A cet égard, et si Mme [Y], collaboratrice de Mme [O] jusqu’à la fin de l’année 2017, décrit dans une attestation rédigée en octobre 2019 une ambiance de travail dégradée à compter du début de l’année 2017, et tout particulièrement après le retour de congé maternité de Mme [P], celle-ci ne communiquant que pour leur faire des réflexions ou leur demander ce qu’elles faisaient de leurs journées, et ce, alors qu’elles avaient une charge de travail importante qui avait été remarquée par le commissaire aux comptes qui les avaient félicitées, il doit être constaté que ces propos, qui mettent également en cause l’attitude des autres collègues qui ne lui disaient plus bonjour durant son préavis et celle de M. [P], nullement attentif à leurs conditions de travail et à leur charge de travail, est contredite par le mail qu’elle a transmis à ce dernier le 23 février 2018, soit deux mois après la fin de son contrat, pour proposer son intervention au sein de l’entreprise en qualité de prestataire extérieur et ce, alors qu’elle atteste que ces conditions de travail déplorables avaient nécessité qu’elle soit placée en arrêt-maladie les dernières semaines malgré le soutien de Mme [O].

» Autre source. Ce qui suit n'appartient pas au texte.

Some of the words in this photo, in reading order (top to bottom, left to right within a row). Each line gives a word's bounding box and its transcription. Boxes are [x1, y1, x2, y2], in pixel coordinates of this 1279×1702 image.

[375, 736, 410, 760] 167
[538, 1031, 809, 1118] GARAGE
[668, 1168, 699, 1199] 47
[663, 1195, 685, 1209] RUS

Par ailleurs, si Mme [O] produit un mail qui corrobore le fait qu’il lui a été demandé de ne pas jeter ses poubelles avant vérification par le gérant, il résulte cependant des attestations de Mmes [C] et [H] que ce contrôle a en réalité fait suite à un épisode lors duquel elles ont été surprises de voir Mme [O] effectuer du tri dans les documents de la société à l’été 2018 et en détruire ou en remplir des sacs poubelle.

Si les faits ainsi établis et non prescrits à l’égard de Mme [O] justifiaient la mise en oeuvre d’une procédure de licenciement au regard du climat délétère qu’elle faisait ainsi peser sur ses collaboratrices, il ne peut cependant être considéré qu’ils empêchaient la poursuite immédiate du contrat de travail et il convient en conséquence de dire que son licenciement ne repose pas sur une faute grave mais sur une cause réelle et sérieuse.

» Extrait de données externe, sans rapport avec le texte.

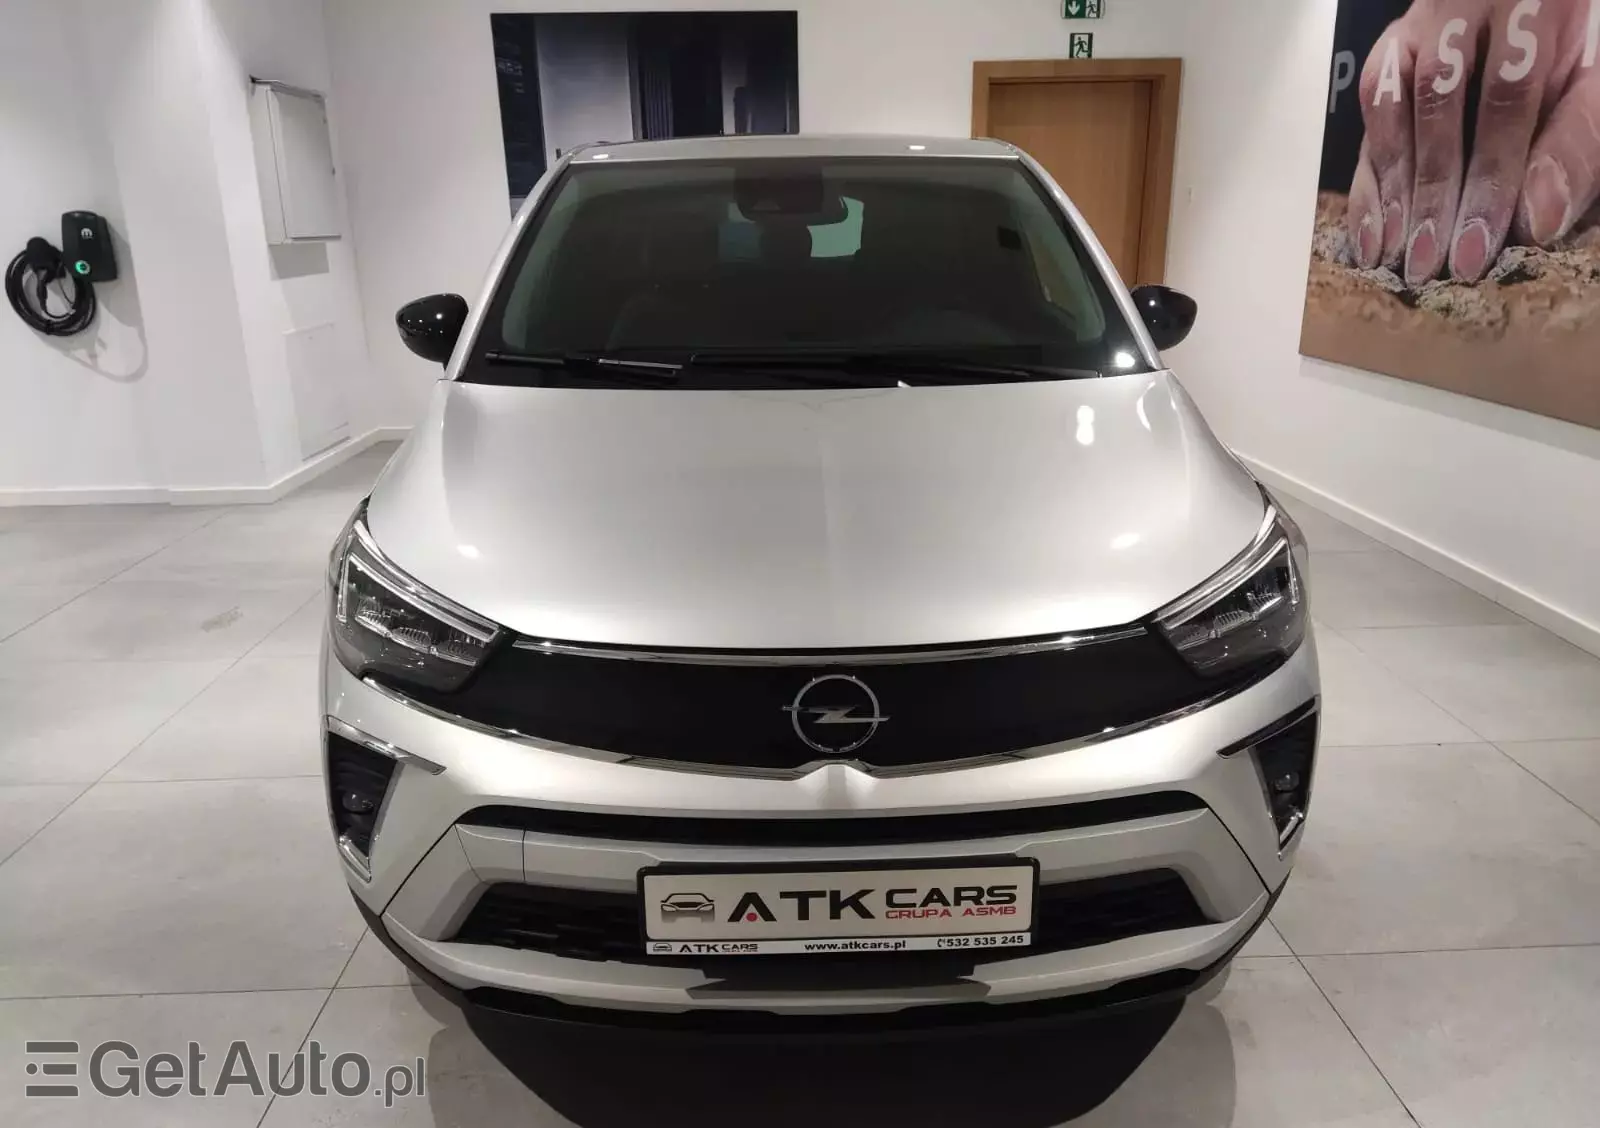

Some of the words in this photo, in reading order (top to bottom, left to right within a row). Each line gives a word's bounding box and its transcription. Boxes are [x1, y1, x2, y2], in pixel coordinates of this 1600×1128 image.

[727, 889, 876, 923] ATK
[885, 885, 1018, 908] CARS
[885, 908, 952, 920] GRUPA
[962, 905, 1017, 917] ASMB
[804, 939, 907, 951] www.atkcars.pl
[946, 938, 971, 947] 532
[973, 936, 997, 946] 535
[1000, 935, 1024, 945] 245
[679, 943, 719, 953] ATK

Dès lors, il y a lieu de débouter Mme [O] de sa demande de dommages et intérêts pour licenciement sans cause réelle et sérieuse mais de confirmer le jugement, comme demandé par Mme [O], sur le montant des sommes que la société Finexvet a été condamnée à lui payer au titre des indemnités compensatrice de préavis, congés payés afférents, rappel de salaire sur mise à pied conservatoire, congés payés afférents et indemnité de licenciement.

Sur le licenciement par la société Vétapharma

Mme [O] a été licenciée le 24 décembre dans les termes suivants :

‘(…) Nous avons découvert que vous avez accédé, sans autorisation, aux messageries internet de salariées de l’entreprise, dont Mme [I] [P]. Ceci est non seulement un grave manquement à votre obligation de loyauté mais également une infraction de violation du secret des correspondances, pénalement sanctionnée.

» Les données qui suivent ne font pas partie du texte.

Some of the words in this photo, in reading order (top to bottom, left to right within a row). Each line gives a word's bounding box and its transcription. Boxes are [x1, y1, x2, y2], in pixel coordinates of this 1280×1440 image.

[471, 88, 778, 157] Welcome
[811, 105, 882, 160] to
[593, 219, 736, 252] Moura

Nous avons récemment découvert que vous aviez commis des faits pouvant être qualifiés de harcèlement moral à l’égard de plusieurs salariés, dont Mme [I] [P]. Le 13 novembre 2018, cette dernière nous a écrit pour se plaindre de votre comportement, qu’elle qualifie de harcèlement à son égard et à l’égard des salariés de son service. Ces faits inacceptables constituent une grave violation de nos engagements éthiques, sans compter les graves répercussions légales qu’ils sont susceptibles de provoquer.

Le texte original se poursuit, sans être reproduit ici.